While many people dismiss it as a “Who cares?” moment, the next big moment for the Democratic Party is this weekend’s election of the next chair of the Democratic National Committee. At the center of the struggle between 8 candidates are the candidacies of 2 nominees, Keith Ellison, who is backed by Senator Bernie Sanders and other liberals, and that of former labor secretary under Barack Obama, Tom Price, who is backed by many Hillary supporters. Yesterday the 8 candidates participated in a televised debate on CNN.

The importance of this selection process is fairly simple.

One only has to look back to 2008 and the election of Howard Dean as the chair of the DNC. Mister Dean rose to office and implemented what is now widely known as “the 50 state strategy” which led not only to the election of Barack Obama as president but to majorities in both the United States House of Representatives and the U.S. Senate, allowing the president to push forward a liberal-leaning agenda which included the passage of the Affordable Care Act.

Likewise, the election of Florida representative Debbie Wasserman Schultz ushered in a new era which oversaw the decimation of the Democratic Party not only in the United States Congress but in state houses all across the United States. Clearly, who leads the Democratic National Committee and their philosophy matters greatly to the Democratic Party.

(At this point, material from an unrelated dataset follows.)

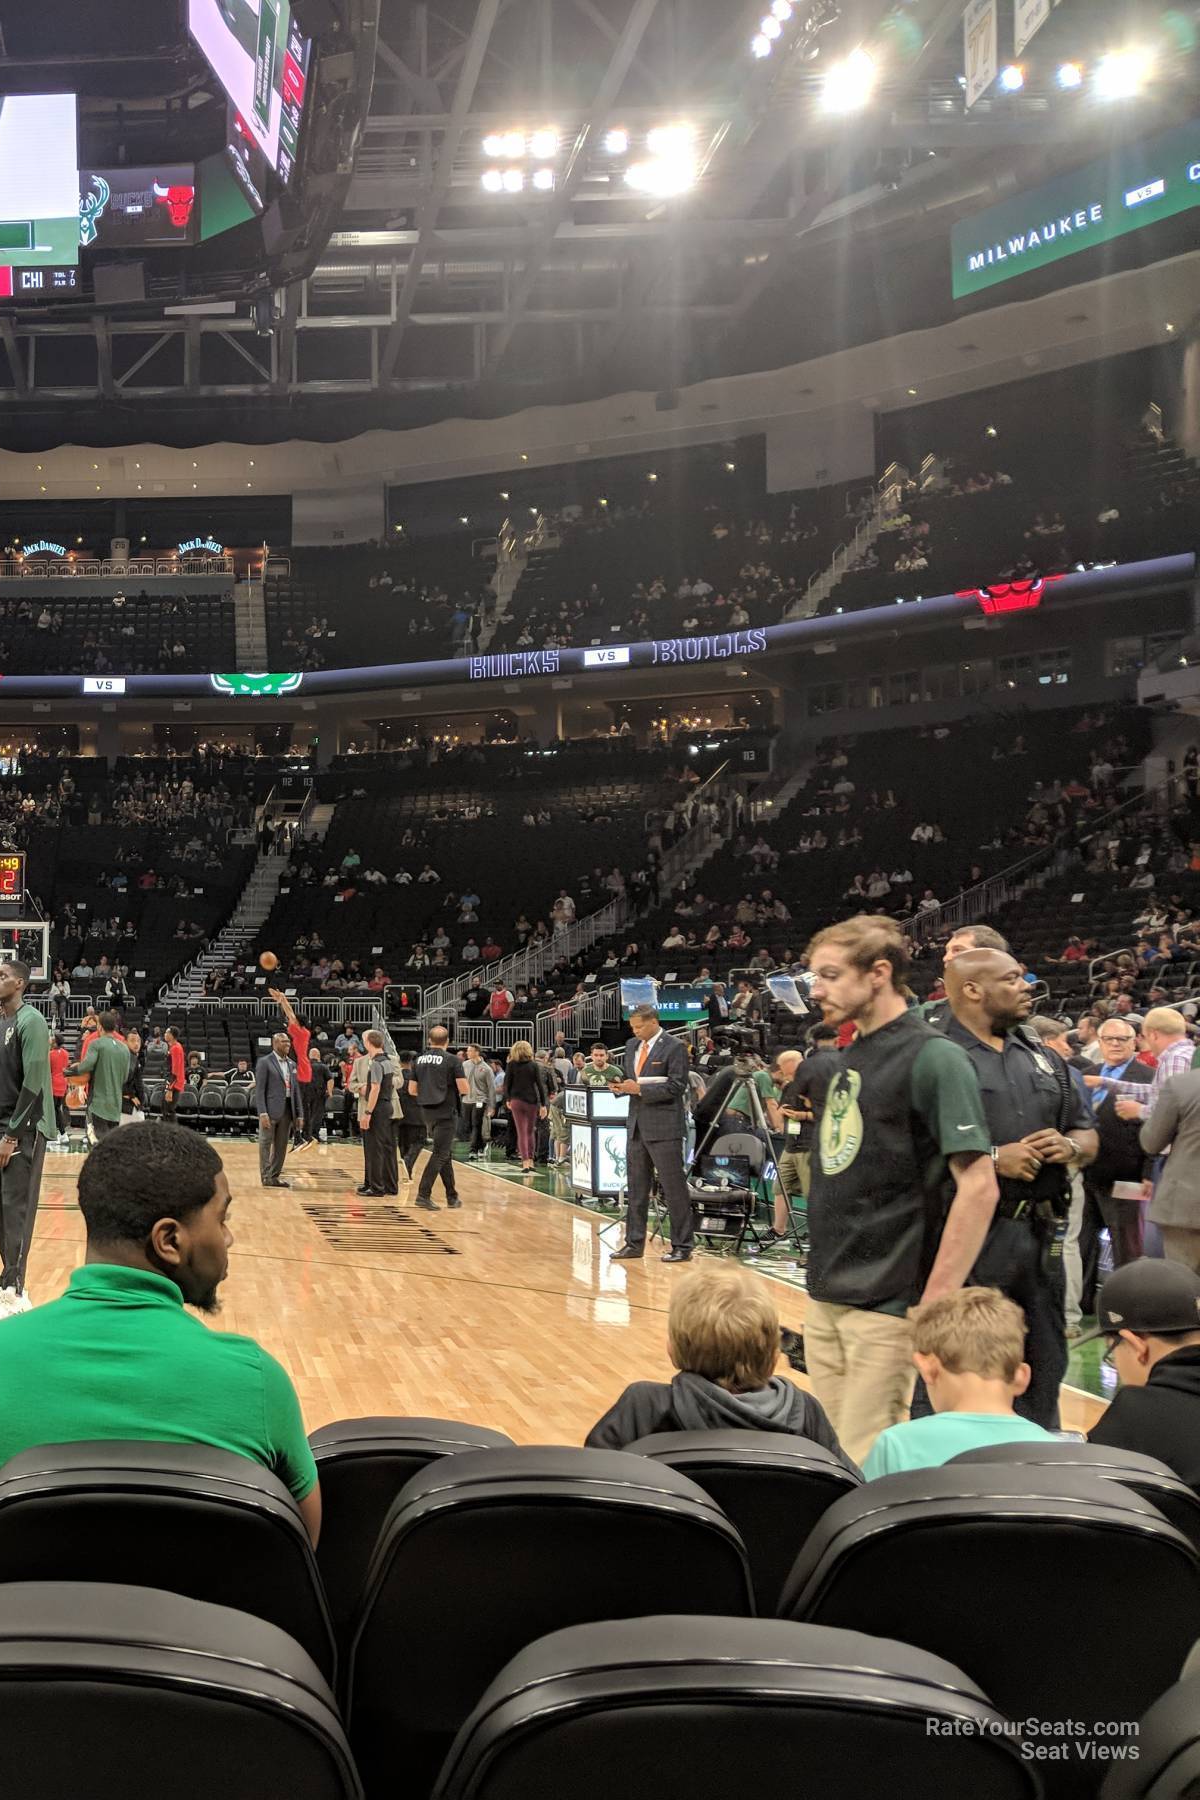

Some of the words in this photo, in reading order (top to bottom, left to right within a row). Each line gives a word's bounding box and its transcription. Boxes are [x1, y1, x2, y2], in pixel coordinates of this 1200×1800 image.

Today we are witnessing our own version of a Clash of the Titans: Keith Ellison who is backed by many liberals from the Bernie Sanders camp and Tom Price was backed by many members of the Hillary Clinton/Barack Obama faction of the Democratic Party. These 2 candidates possess remarkably contrasting viewpoints on the direction of the party. Allison, on the one hand it embraces the forward-looking, truly liberal, anti–establishment, take big money out of politics branch of the party while price it embraces the big money, insider political elite faction of the party.

Both candidates are racking up endorsements from their political base. There are those, however, who do not believe that either of these candidates will win but that one of the lesser known “fringe” candidates will emerge victorious.

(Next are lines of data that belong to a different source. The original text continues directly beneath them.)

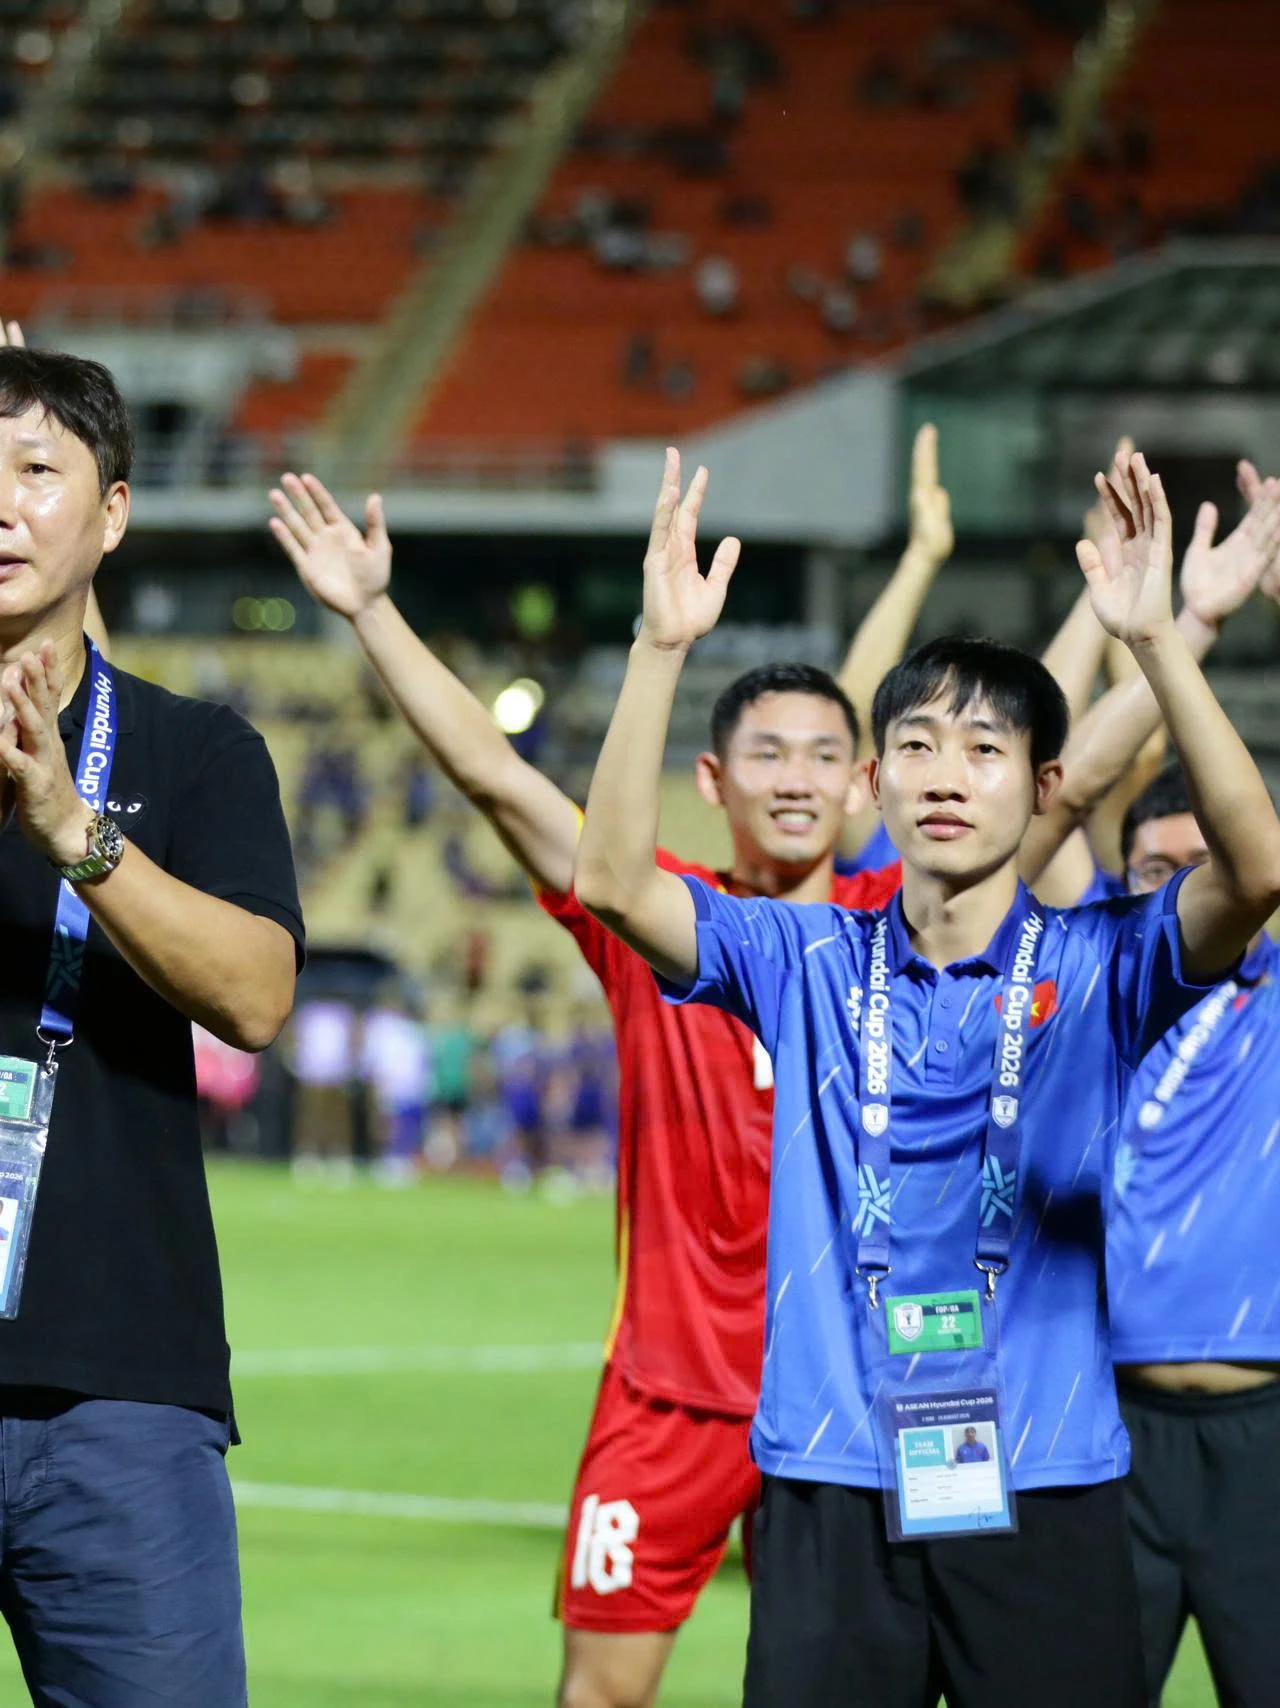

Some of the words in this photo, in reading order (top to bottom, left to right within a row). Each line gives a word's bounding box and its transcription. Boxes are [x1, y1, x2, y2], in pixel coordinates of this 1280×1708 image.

[90, 671, 112, 751] Hyundai
[78, 751, 108, 795] Cup
[870, 917, 891, 992] Hyundai
[1011, 911, 1044, 984] Hyundai
[865, 993, 890, 1038] Cup
[1003, 985, 1030, 1030] Cup
[867, 1040, 889, 1096] 2026
[999, 1032, 1024, 1088] 2026
[5, 1172, 24, 1181] 2026
[941, 1315, 957, 1329] 22
[571, 1493, 640, 1596] 18
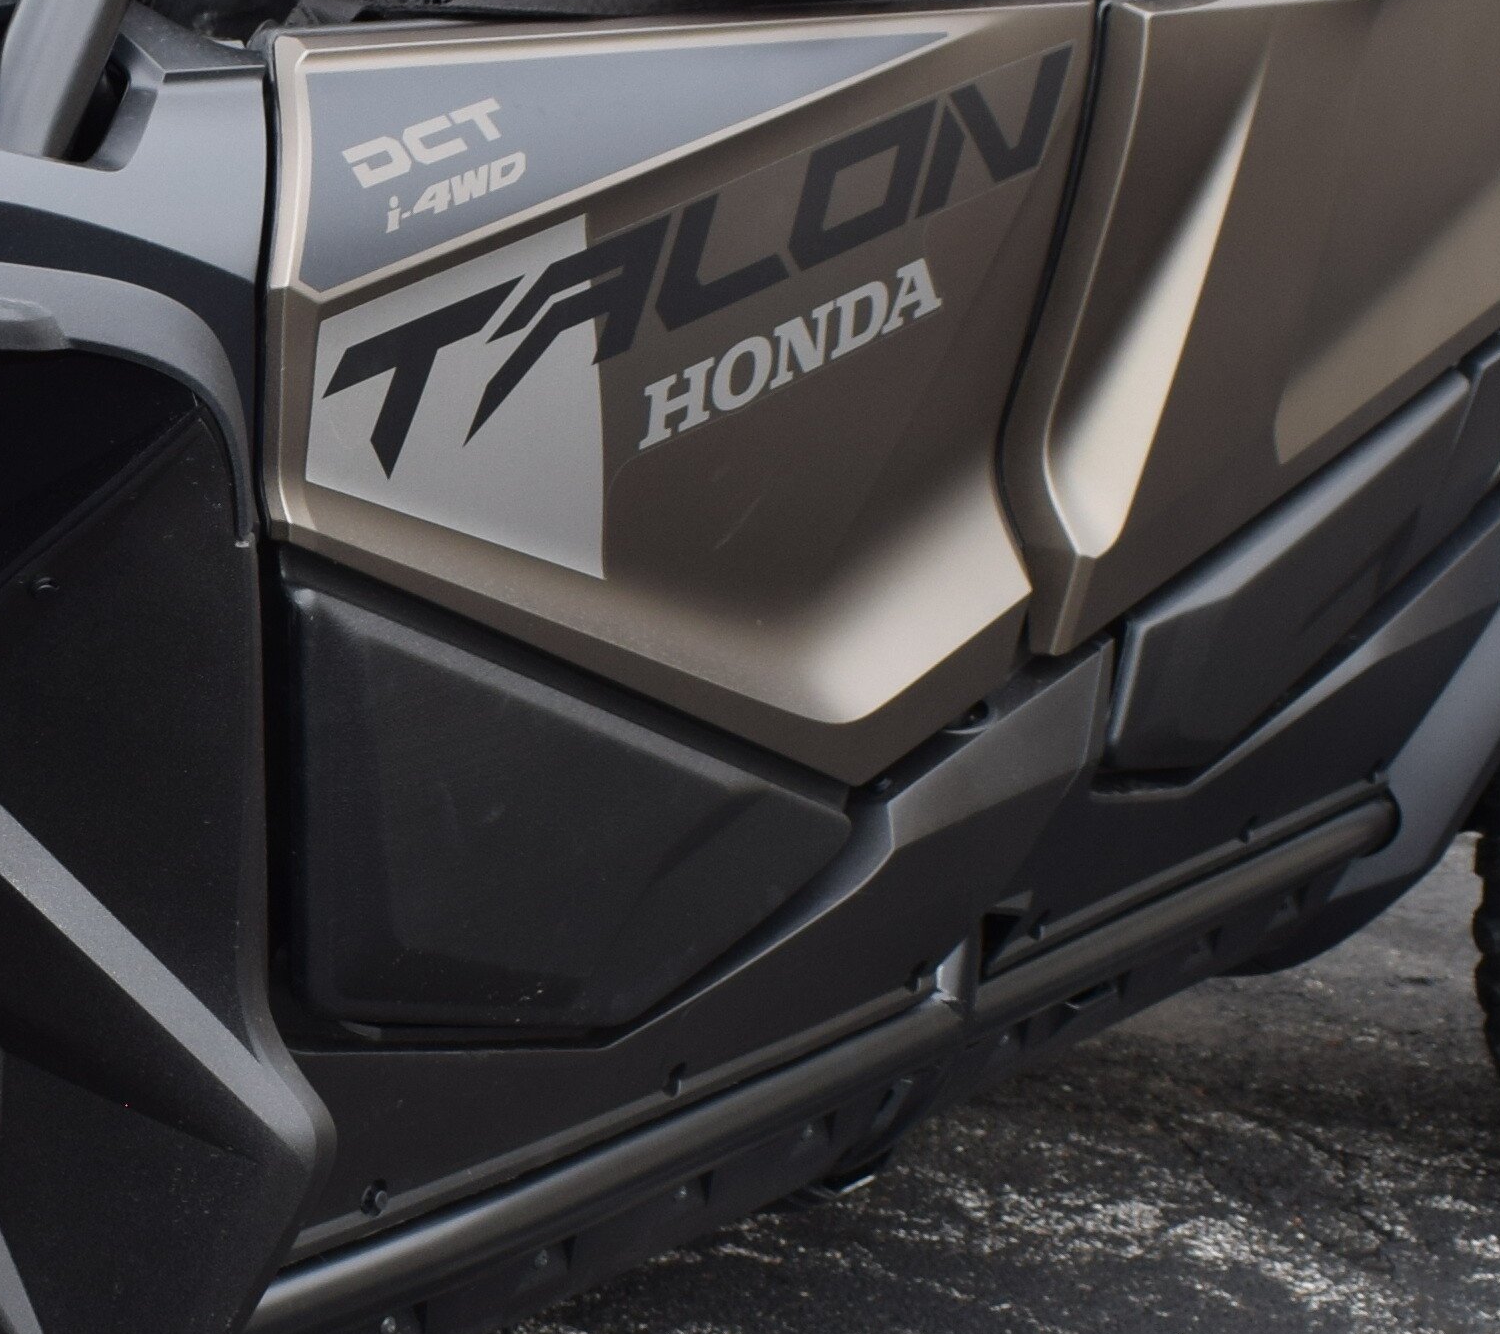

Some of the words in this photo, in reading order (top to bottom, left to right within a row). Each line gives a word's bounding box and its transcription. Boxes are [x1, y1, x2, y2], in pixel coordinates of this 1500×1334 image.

[342, 97, 502, 189] DCT
[385, 151, 526, 234] i-4WD
[322, 43, 1074, 480] TALON
[638, 258, 942, 451] HONDA

Enter Pete Buttigieg, the mayor of South Bend, Indiana, one of the lesser-known candidates for DNC chair. Buttigieg this week picked up the endorsement of former DNC chair Howard Dean. A young man, in his thirties, Buttigieg is the only openly gay candidate in contention for the chairman’s job.

Another “fringe” candidate, Jaime Harrison, cautioned during the debate:

Jaime Harrison, the South Carolina Democratic Party chairman, issued a stern call on party members not to launch primary challenges against the 10 Democratic senators in states that Trump won in 2016.
He said Democrats would find themselves in a “permanent minority” because the GOP needs just seven more Senate seats for a filibuster-proof majority there, and just one more statehouse to call and control a constitutional convention.